◆ **Your objective**: Without any images, write the data out exactly as it appears.

Annotated photo localization data:

======

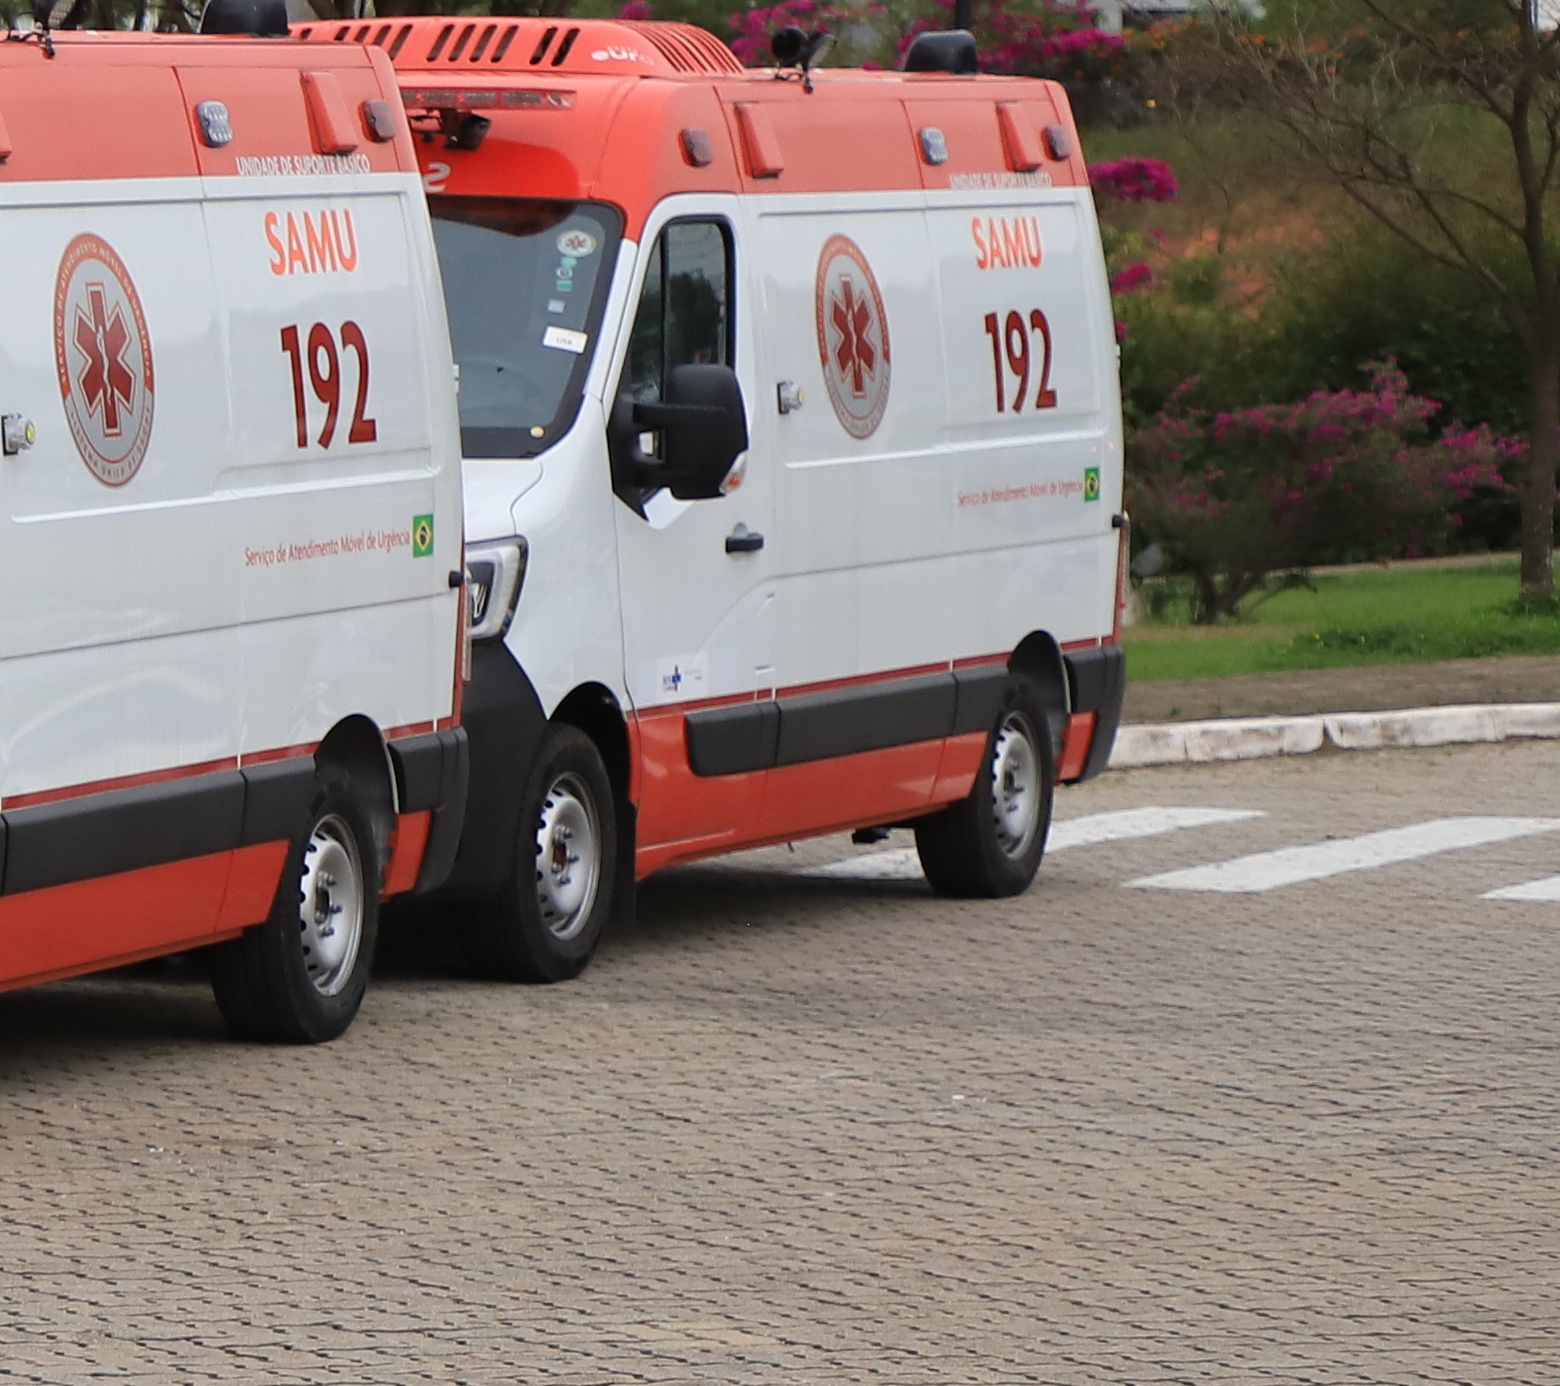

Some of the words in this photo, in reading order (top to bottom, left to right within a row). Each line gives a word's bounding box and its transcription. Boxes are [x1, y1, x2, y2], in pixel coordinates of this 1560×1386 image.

[279, 156, 293, 175] DE
[265, 209, 358, 276] SAMU
[972, 216, 1043, 269] SAMU
[280, 320, 377, 450] 192
[985, 309, 1058, 414] 192
[245, 546, 275, 568] Serviço
[277, 543, 287, 562] de
[288, 539, 339, 561] Atendimento
[366, 530, 377, 549] de
[377, 527, 410, 553] Urgência
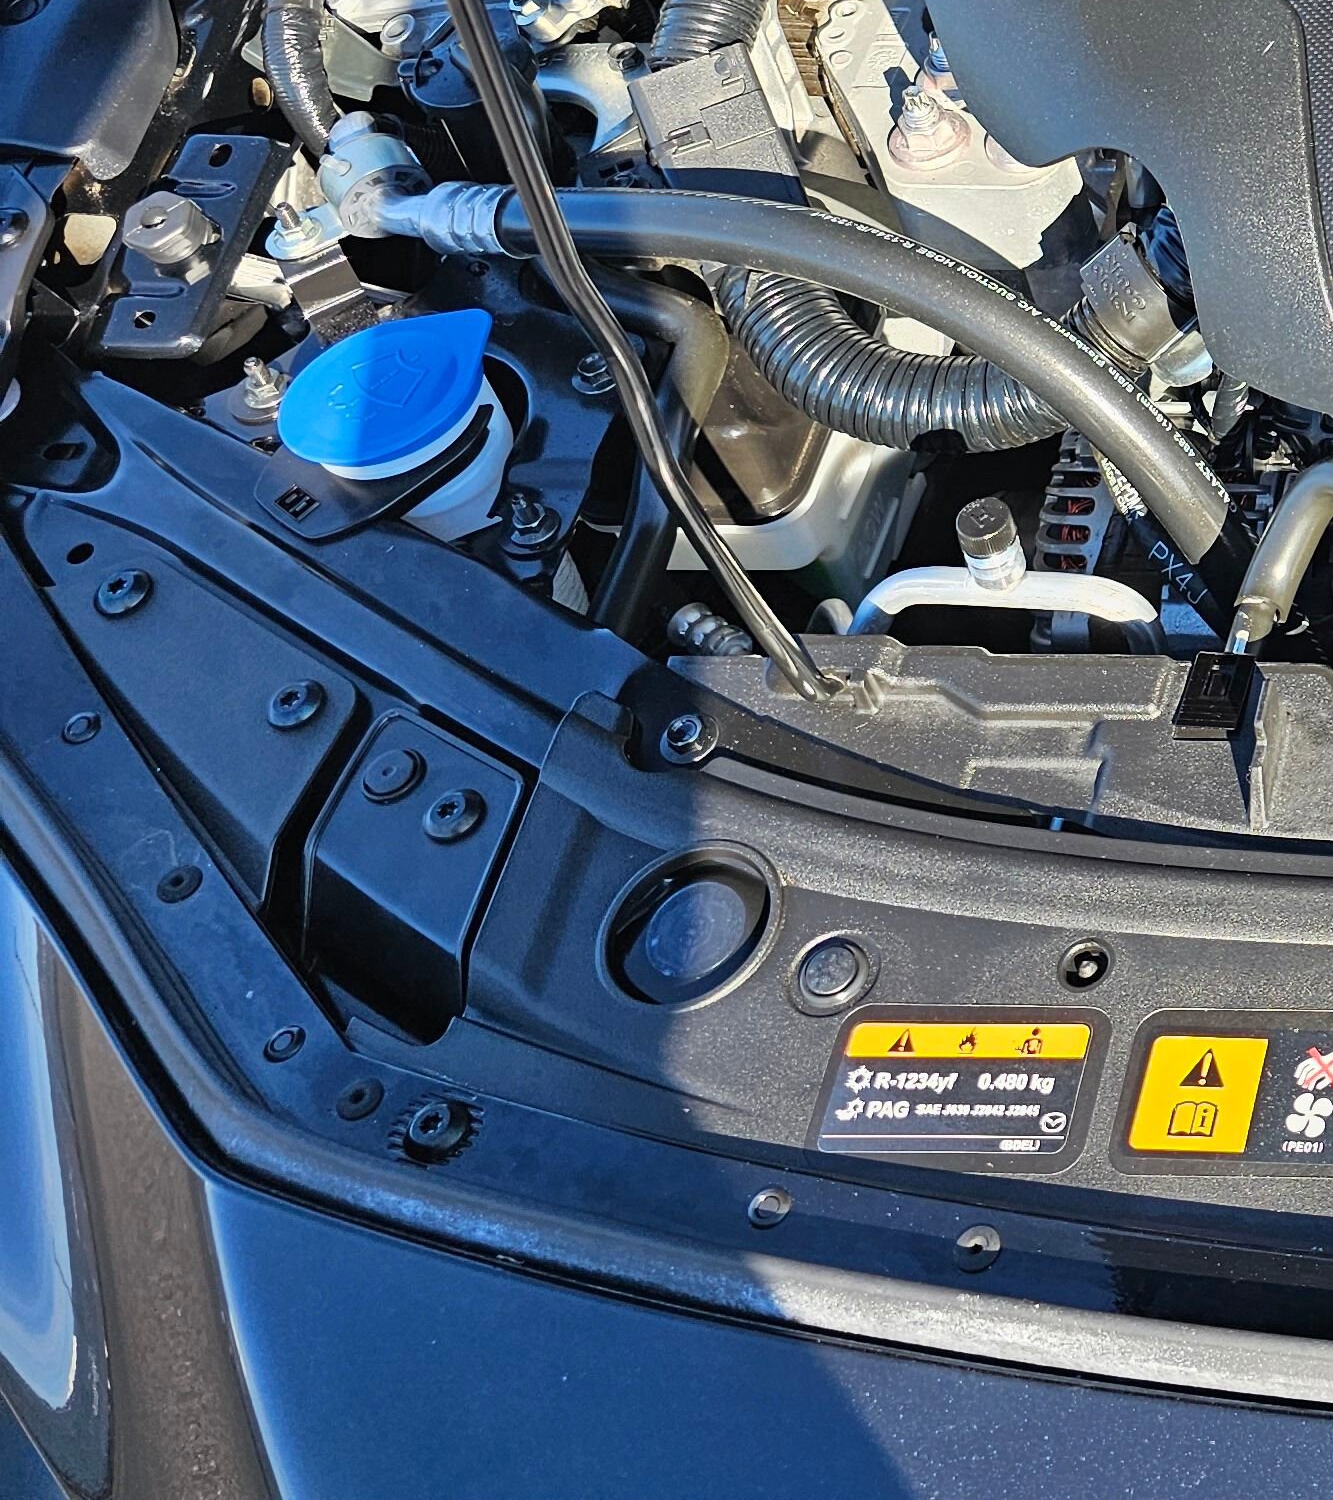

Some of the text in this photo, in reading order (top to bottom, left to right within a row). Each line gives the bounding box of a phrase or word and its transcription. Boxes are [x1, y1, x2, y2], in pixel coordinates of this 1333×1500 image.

[915, 247, 956, 269] HOSE
[956, 265, 1015, 302] SUCTION
[1017, 298, 1043, 318] A/C
[1148, 540, 1208, 605] PX4J
[873, 1072, 1056, 1094] R-1234yf 0.480 kg
[866, 1100, 910, 1119] PAG
[915, 1103, 943, 1116] SAE
[1281, 1140, 1324, 1153] (PE01)

======

◆ **Answer to the exercise**:
Some of the words in this photo, in reading order (top to bottom, left to right within a row). Each line gives a word's bounding box and its transcription. Boxes are [x1, y1, x2, y2], in pixel coordinates of this 1560×1386 image.

[279, 156, 293, 175] DE
[265, 209, 358, 276] SAMU
[972, 216, 1043, 269] SAMU
[280, 320, 377, 450] 192
[985, 309, 1058, 414] 192
[245, 546, 275, 568] Serviço
[277, 543, 287, 562] de
[288, 539, 339, 561] Atendimento
[366, 530, 377, 549] de
[377, 527, 410, 553] Urgência

Some of the text in this photo, in reading order (top to bottom, left to right within a row). Each line gives the bounding box of a phrase or word and its transcription. Boxes are [x1, y1, x2, y2], in pixel coordinates of this 1333×1500 image.

[915, 247, 956, 269] HOSE
[956, 265, 1015, 302] SUCTION
[1017, 298, 1043, 318] A/C
[1148, 540, 1208, 605] PX4J
[873, 1072, 1056, 1094] R-1234yf 0.480 kg
[866, 1100, 910, 1119] PAG
[915, 1103, 943, 1116] SAE
[1281, 1140, 1324, 1153] (PE01)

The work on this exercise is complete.